Mr Kuria pegs his argument on the current situation where banks and other financial institutions are shying away from loaning SMEs due to the capped interest rates, which banks term as low.
The interest cap was implemented in 2016 in a bid to “check on excessive and punitive lending rates by banks to protect depositors and discourage usury”.
“This legislation has led to serious unintended consequences. The banks have withdrawn lending o the SMEs and unsecured individual borrowers,” says Kuria, adding that credit to the private sector is growing at only four percent.
However, Kuria fails to capture the main factors leading to the slowed credit growth. The banks are using interest rate caps as a scapegoat to deny SMEs loans.
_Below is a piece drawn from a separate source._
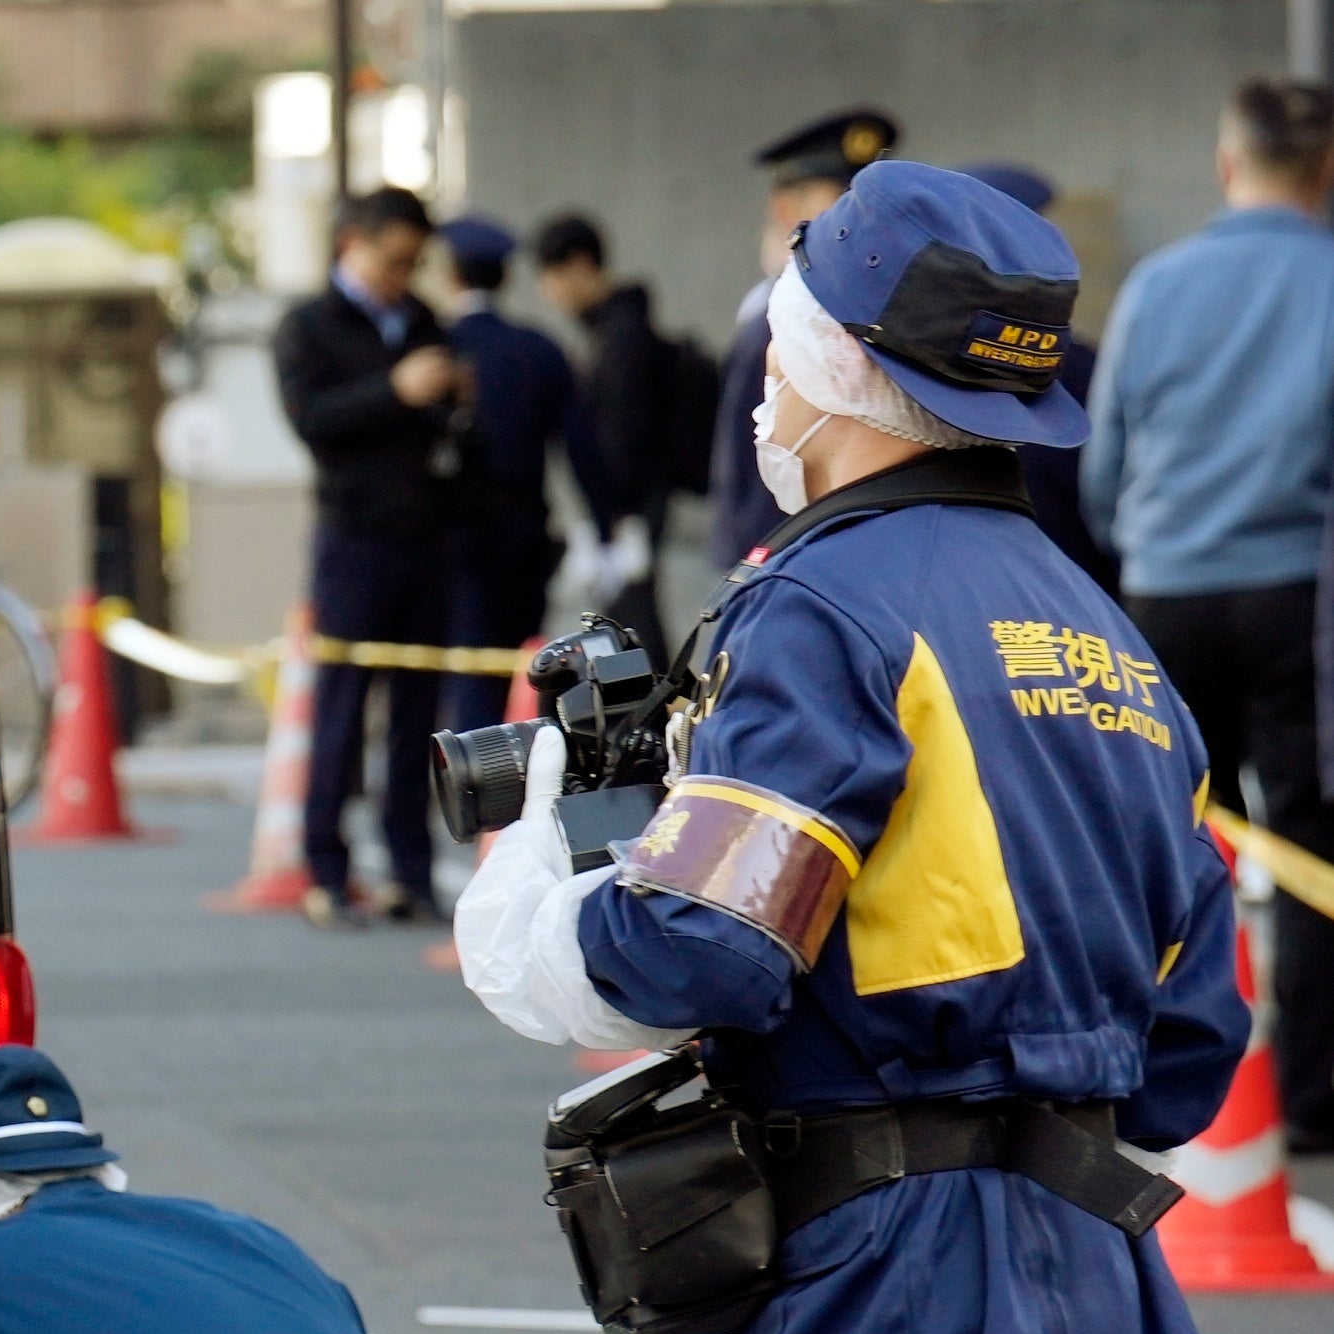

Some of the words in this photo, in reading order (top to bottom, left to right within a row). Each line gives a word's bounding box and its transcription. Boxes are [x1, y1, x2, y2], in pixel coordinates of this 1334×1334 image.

[997, 324, 1058, 350] MPD
[988, 620, 1161, 708] 警視庁
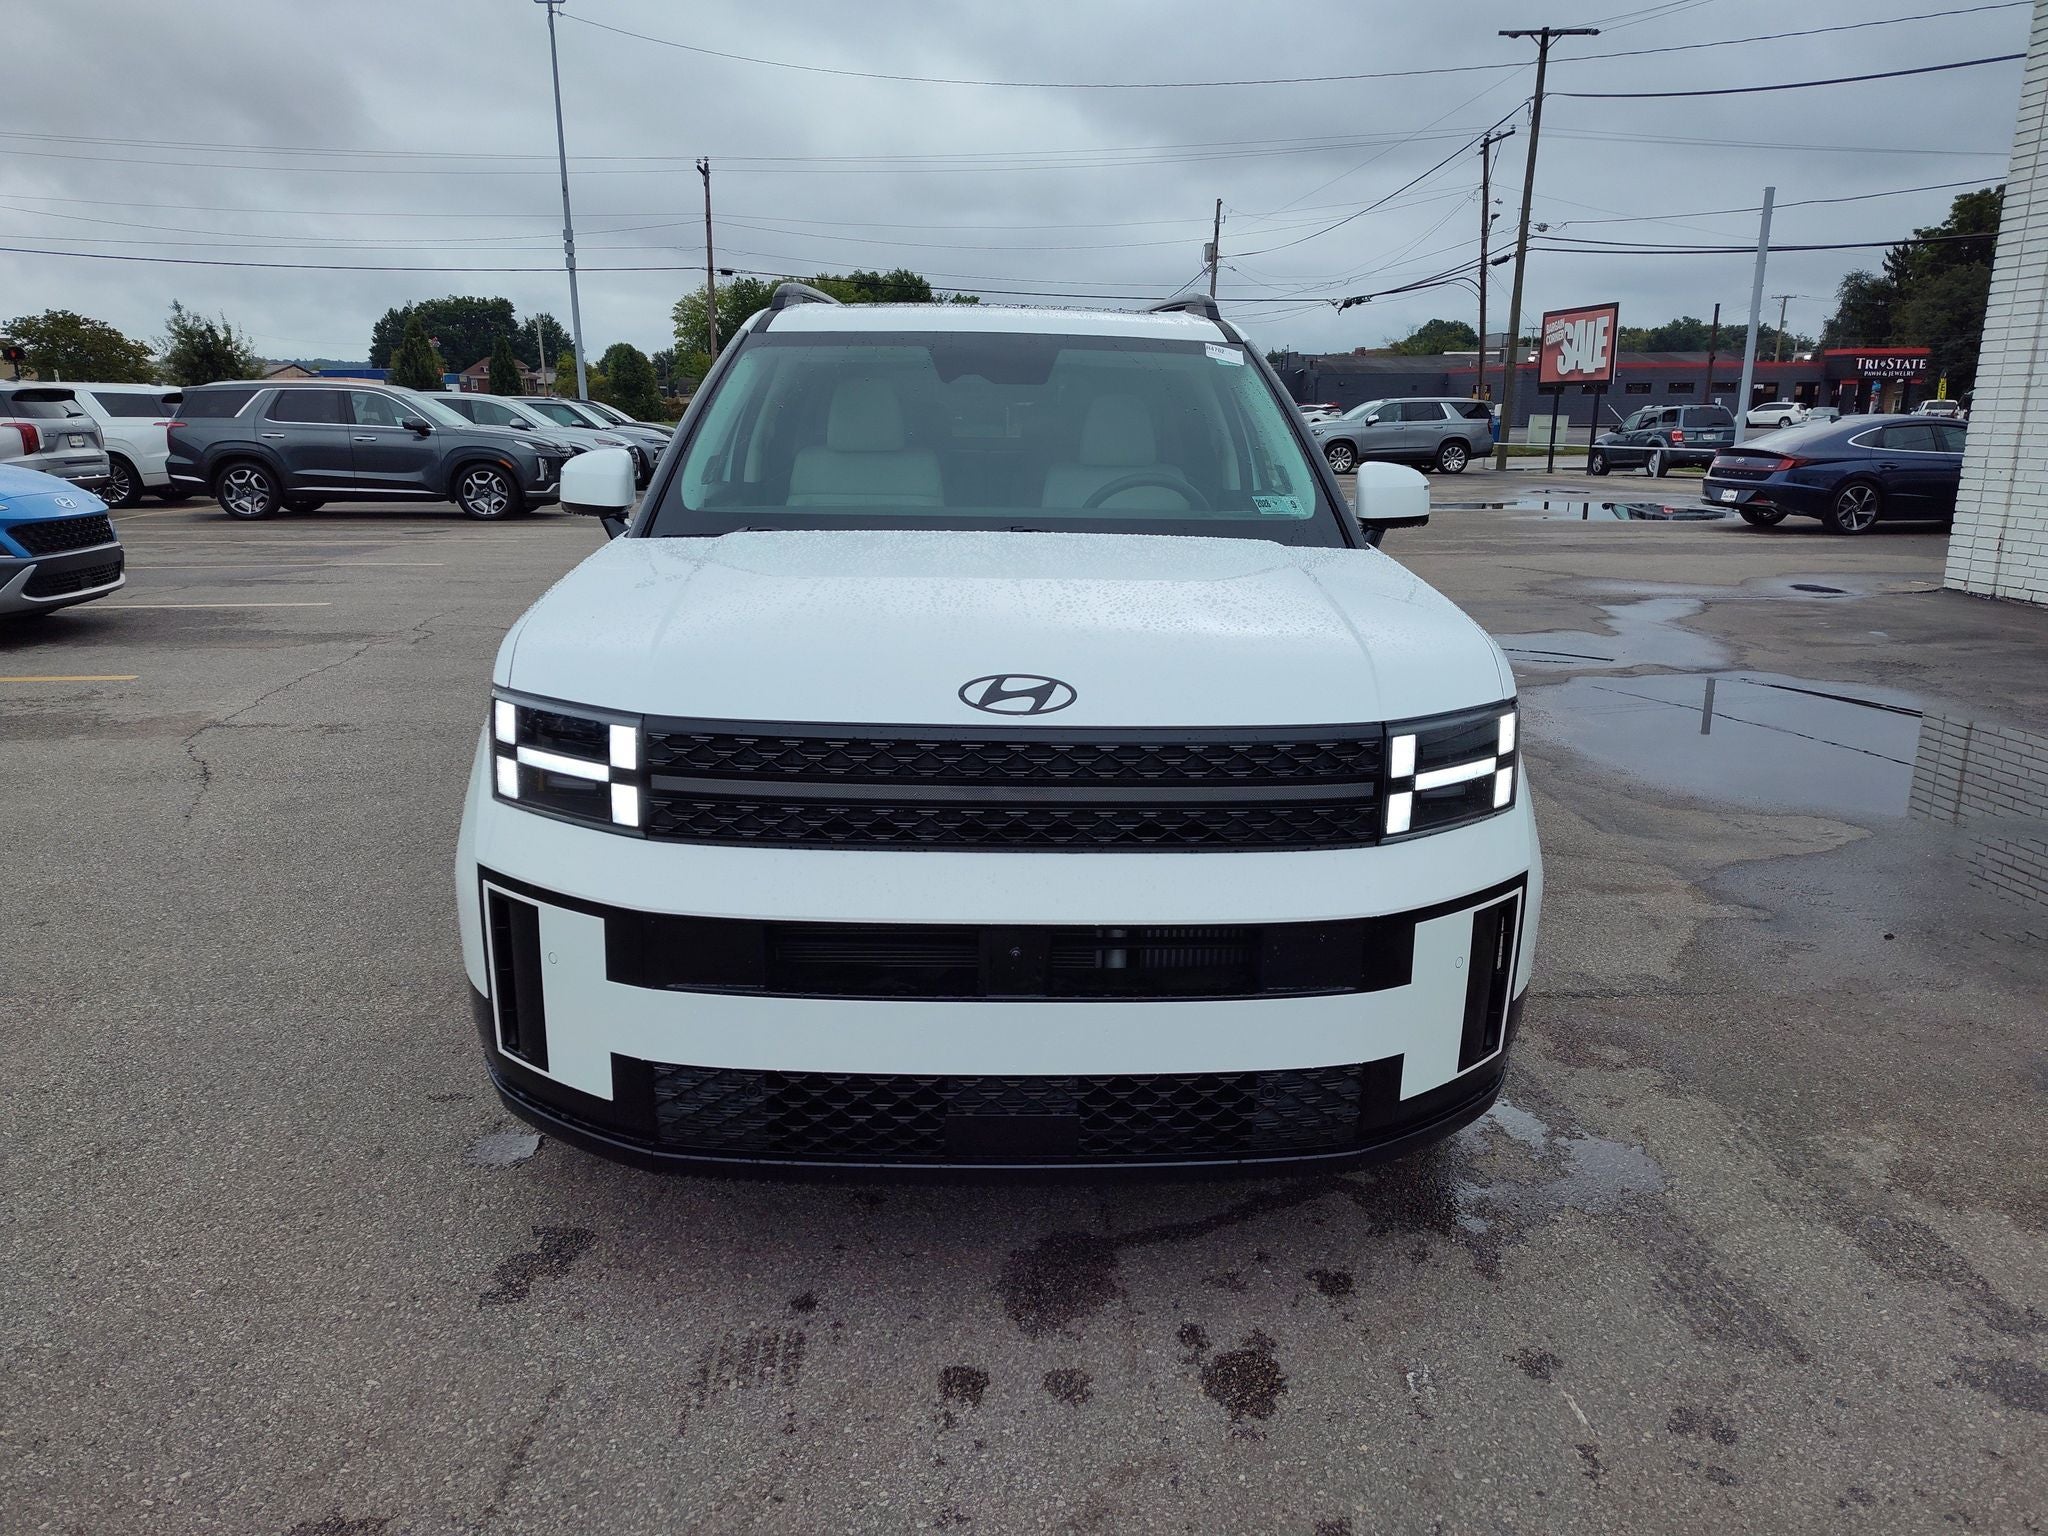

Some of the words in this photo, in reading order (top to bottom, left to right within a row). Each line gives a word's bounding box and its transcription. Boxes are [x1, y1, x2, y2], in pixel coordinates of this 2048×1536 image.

What they won’t tell you is that they fear lending to SMEs with good cash flows, since they are not assured of getting the money back.
Also, most SMEs die immediately after take-off, hence they have no guaranteed lifeline. Which lender would loan an entity he/she is not sure that it will exist in the next one year? None.
A 2016 survey by Kenya National Bureau of Statistics reveals that almost 400,000 micro, small and medium enterprises (MSMEs) did not celebrate their second anniversary in the last five years. Also, 2.2 million MSMEs closed shop during the years under review.
The survey also found that 46 per cent of the MSMEs surveyed died in their first year of establishment.
These are not just numbers but the reality. Instead on focusing on giving the SMEs credit, the focus should be put on making sure that SMEs can overcome market hurdles.
The report stated that the businesses that died were as a result of increased operating costs, declining income and losses incurred from the business. It was also discovered that operators diverted returns to other non-business areas rather than re-investing.
Lack of credit facilities is not mentioned as a primary cause of the closures. In fact, most of these businesses died before the interest rate caps came into play.
Kuria’s amendment may be seen as a theatric to benefit the Kenyatta family’s bank, the Commercial Bank of Africa (CBA) which took over two local banks, the Jamii Bora Bank and NIC.
Seemingly, Kuria’s proposal is not for SMEs but for the bigger fish. It should face proper interrogation before it is passed blindly.